The petition goes on to urge the MBTA to take immediate steps towards fare equity. These include a commitment to rejecting distance-based bus and subway fares, which have been shown to be regressive, as more residents are being priced out of housing close to job centers. The petition further calls for a re-zoning of the commuter rail fares so that all of Boston is Zone 1A and no municipality is split between multiple fare zones.

Finally, petition signers asked the MBTA to focus on building a sustainable funding base for public transit by implementing smarter tolling and congestion pricing and supporting increased surcharges for rideshare services, such as Uber and Lyft.

Councilor Wu has long championed a climate and economic justice-centered approach to public transit. She first announced her opposition to the MBTA’s proposed fare hikes in an Op-Ed in the Boston Globe, where she argued that Boston should set fare-free public transportation as the target goal.

The full text of Councilor Wu’s petition can be found below.

Dear Members of the Fiscal Management and Control Board, Secretary Pollack, and Governor Baker:

We oppose the proposal to raise MBTA fares.

The proposed 6% fare hike would place an undue burden on residents already struggling to meet transportation-related costs, totaling an unaffordable 41% increase in MBTA fares since 2012. The increased costs would push more commuters to drive, undercutting our most urgent goal of increasing transit ridership to ease congestion, limit air pollution, and reduce greenhouse gas emissions.

We are running out of time to transform our economy and society in the face of climate change, and the Greater Boston region is now confronted with the worst traffic in the nation.The proposed fare increase represents a step in the wrong direction when we can’t afford anything less than aggressive progress forward.

We urge you to reject the fare increases and instead take steps toward a fare-free transit system to ensure the right of mobility for all:

  • Create a single youth pass with free, unlimited, year-round access to the MBTA. Currently, MBTA options for students and youth passes are needlessly complicated and inconsistent, and are turning the next generation of riders against public transportation.
  • Extend the same free, unlimited, year-round pass to seniors residing in Massachusetts.
  • Provide low-income riders with Charlie Cards and a low-income fare option, distributing these MBTA passes through agencies that administer SNAP and other means-tested benefits.

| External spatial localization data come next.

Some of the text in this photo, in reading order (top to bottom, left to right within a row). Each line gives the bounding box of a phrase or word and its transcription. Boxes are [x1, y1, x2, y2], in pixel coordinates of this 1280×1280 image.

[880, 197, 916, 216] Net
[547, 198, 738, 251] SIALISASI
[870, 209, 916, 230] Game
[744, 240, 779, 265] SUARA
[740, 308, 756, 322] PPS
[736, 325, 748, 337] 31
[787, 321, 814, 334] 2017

We also urge the MBTA to take immediate steps for fare equity:

  • Commit to rejecting distance-based bus and subway fares, which have been shown to be regressive, as more residents are being priced out of housing close to job centers.
  • Rezone the commuter rail fares so that all of Boston is Zone 1A and no municipality is split between multiple fare zones.
  • As the MBTA moves toward a cashless fare collection system, reject plans to spend resources on costly fare vending machines at every bus stop and instead designate the bus routes where riders will depend on cash as fare-free routes.

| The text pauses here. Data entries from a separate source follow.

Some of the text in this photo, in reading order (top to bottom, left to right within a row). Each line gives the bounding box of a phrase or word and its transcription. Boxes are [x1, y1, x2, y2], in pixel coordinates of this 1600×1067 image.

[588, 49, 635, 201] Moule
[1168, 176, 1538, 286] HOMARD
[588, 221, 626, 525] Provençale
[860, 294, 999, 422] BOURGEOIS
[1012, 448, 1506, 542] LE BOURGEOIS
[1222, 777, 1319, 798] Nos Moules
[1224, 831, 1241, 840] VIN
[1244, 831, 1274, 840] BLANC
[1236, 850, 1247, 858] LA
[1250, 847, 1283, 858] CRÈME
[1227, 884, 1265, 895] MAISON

Finally, we ask that you focus on building a sustainable funding base for public transit:

  • Advocate for the Transportation & Climate Initiative.
  • Implement smarter tolling and congestion pricing.
  • Support increased surcharges for TNCs (such as Uber and Lyft) that encourage shared rides.
  • Support legislation to enable regional ballot initiatives that would allow voters to identify and raise revenues for transit priorities.

Transportation planning must not exist in a vacuum, and fare hikes will only continue to exacerbate the inequities and climate and public health challenges facing our city and region. Please take action to strengthen opportunities for generations to come by embracing transit equity and access.